Sydney Sweeney and Scooter Braun: What’s Behind Their Public Romance
6 may 2026 в 00:37
Sydney Sweeney brought Scooter Braun to the Stagecoach festival, hugged him in front of everyone in the desert, and let the internet do the rest. The hard launch is complete. Cowboy hats, hands in pockets — it’s all part of the show.
The internet did what it does best: power, age difference, PR strategy. Someone has already written an article about what this means for her brand.
I’m not interested in that. I want to understand what happens to two people when they decide to be together so loudly, publicly, and quickly. I see the same pattern in my office in San Francisco, just without festival photographers.
Here’s what no one says out loud about a hard launch. We are programmed for connection from the moment we are born until the moment we die. We are an interdependent species. The moment you were born a hundred thousand years ago on the African savannas, you needed someone to take care of you, or you wouldn’t survive.

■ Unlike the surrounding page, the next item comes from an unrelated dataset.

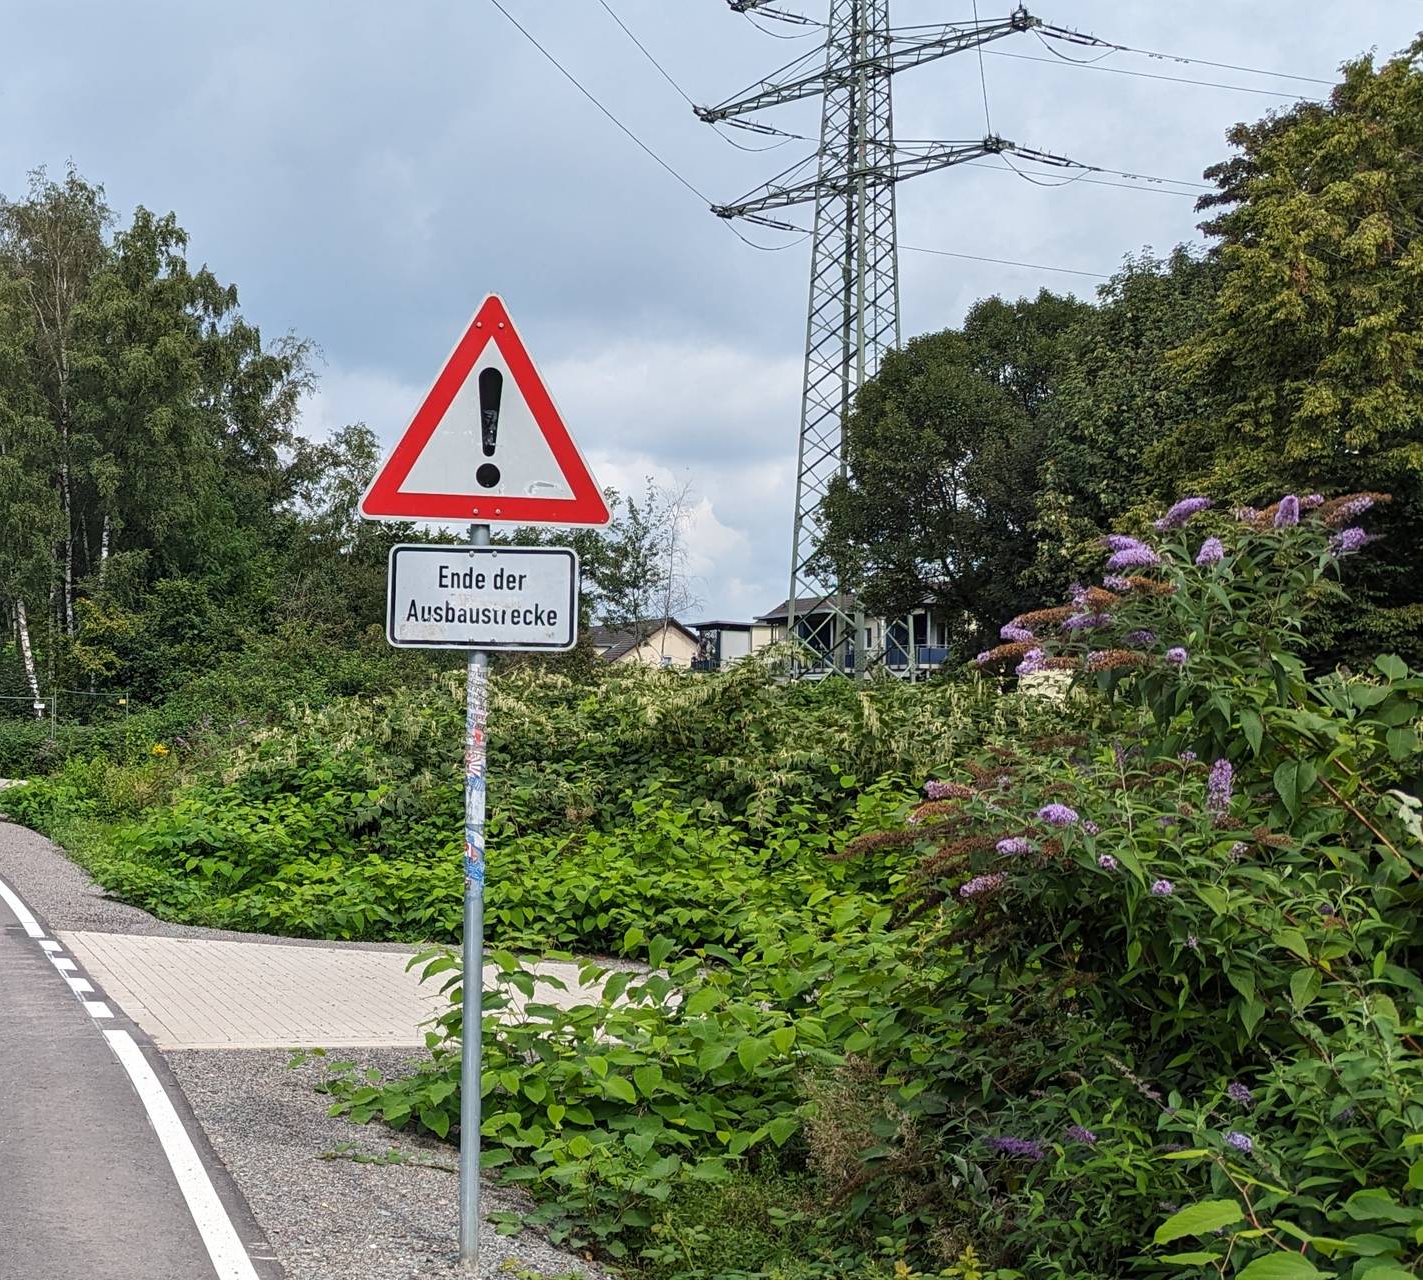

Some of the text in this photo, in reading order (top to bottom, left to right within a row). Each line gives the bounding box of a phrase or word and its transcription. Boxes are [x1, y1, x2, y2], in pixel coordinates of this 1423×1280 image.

[438, 565, 527, 591] Ende der
[406, 599, 558, 626] Ausbaustrecke

This biology doesn’t care that you’re a movie star. It operates on the same principle for Sydney Sweeney as it does for your accountant.
Now add celebrity to the mix. Every move is under observation, evaluation, commentary, saving, sharing, screenshots, and archiving. It’s an aquarium, and outside are two villages, each with its own opinion.
In such an environment, people rely on what I call protective character strategies. One of them, which I know well both clinically and personally, is the Seducer. When this part is in control, your worth in love and life is determined solely by whether someone wants you. Can you present the desired version of yourself that you think you should be?
The hard launch with emotional displays at a country music festival is the Seducer in full bloom. It’s a public, beautiful, completely human response to the two questions every couple always asks each other beneath the surface: Are you here for me? Am I good enough for you? When the cameras click, the answer seems to be «yes».
This is what the gossip-driven approach completely overlooks. An executive romance is not a sham. It’s just an early stage. And what follows is more complicated than the launch itself.
I constantly tell couples about this, and they start to get nervous. Your sexual side has met your partner. Now your vulnerable side has to make love with them.
I have my own story about this. Much of my ego stability used to depend on how I was perceived: as the attractive, desirable, seductive guy in the room. I now feel uncomfortable about how central that was to who I thought I was. The romantic phase of any relationship feeds on that energy. It feels electric because it’s based on being chosen, desired, publicly acknowledged.
But the sexual side cannot sustain a relationship. If we don’t create space for the vulnerable side to be the one who experiences intimacy, we ultimately won’t be close at all. The dynamic where the desired persona stays in view while the true heart hides is one of the most common patterns I see, and it’s one of the quiet factors behind the science of signs that a husband doesn’t want you sexually, and the hundreds of other stories of «we used to want each other so much, what happened?»
If you want to know which protective strategy is governing your relationship when the cameras are off, you can take a free relationship assessment. Most people are surprised by the results. The Seducer is just one of several strategies.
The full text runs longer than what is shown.